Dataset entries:
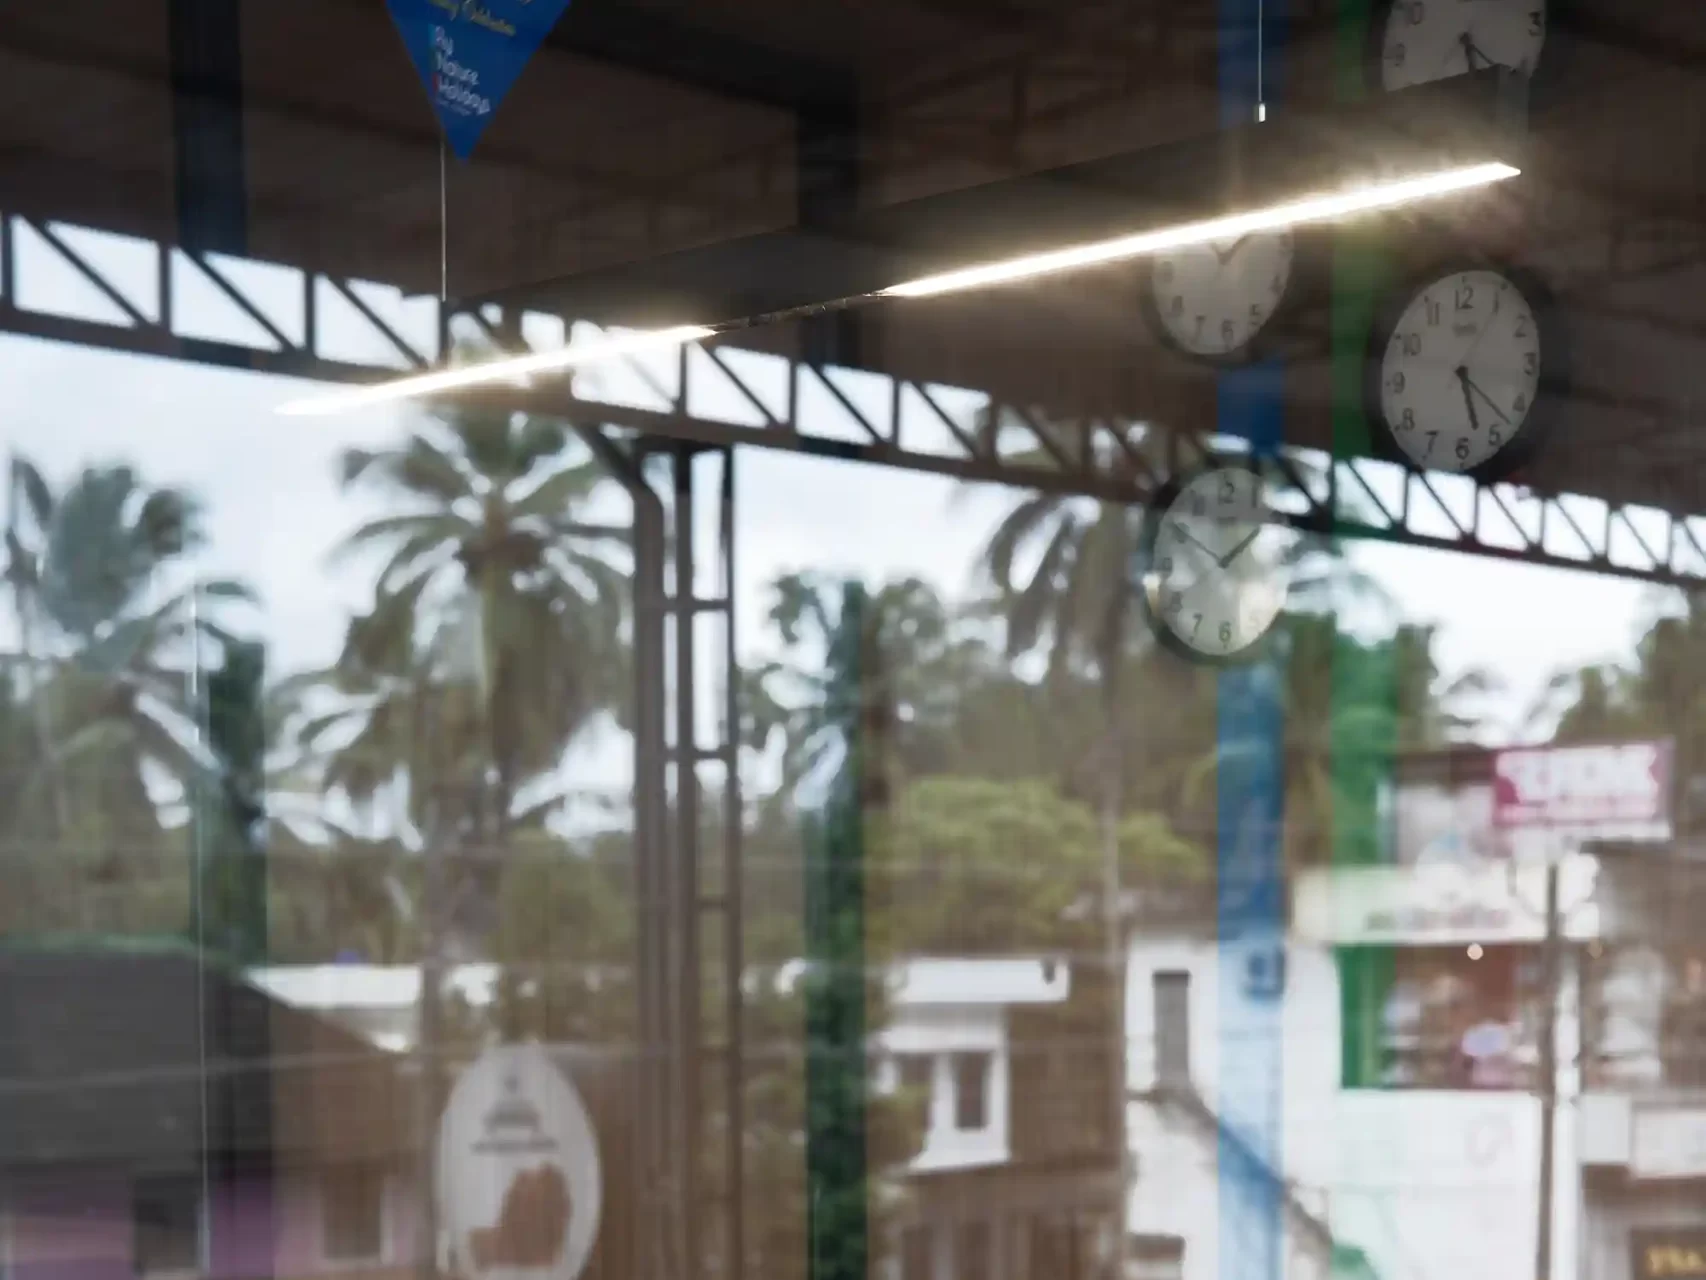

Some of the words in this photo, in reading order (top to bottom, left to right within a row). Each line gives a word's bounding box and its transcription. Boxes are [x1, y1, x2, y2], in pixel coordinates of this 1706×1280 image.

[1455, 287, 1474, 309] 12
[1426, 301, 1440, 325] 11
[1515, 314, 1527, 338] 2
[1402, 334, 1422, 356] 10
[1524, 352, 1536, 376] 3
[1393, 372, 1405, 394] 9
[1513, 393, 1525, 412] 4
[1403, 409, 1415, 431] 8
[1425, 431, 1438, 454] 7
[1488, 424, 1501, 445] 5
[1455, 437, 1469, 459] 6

Required action:
Return all the data exactly, and keep the pictures out.

Solution for this exercise:
Some of the words in this photo, in reading order (top to bottom, left to right within a row). Each line gives a word's bounding box and its transcription. Boxes are [x1, y1, x2, y2], in pixel coordinates of this 1706×1280 image.

[1455, 287, 1474, 309] 12
[1426, 301, 1440, 325] 11
[1515, 314, 1527, 338] 2
[1402, 334, 1422, 356] 10
[1524, 352, 1536, 376] 3
[1393, 372, 1405, 394] 9
[1513, 393, 1525, 412] 4
[1403, 409, 1415, 431] 8
[1425, 431, 1438, 454] 7
[1488, 424, 1501, 445] 5
[1455, 437, 1469, 459] 6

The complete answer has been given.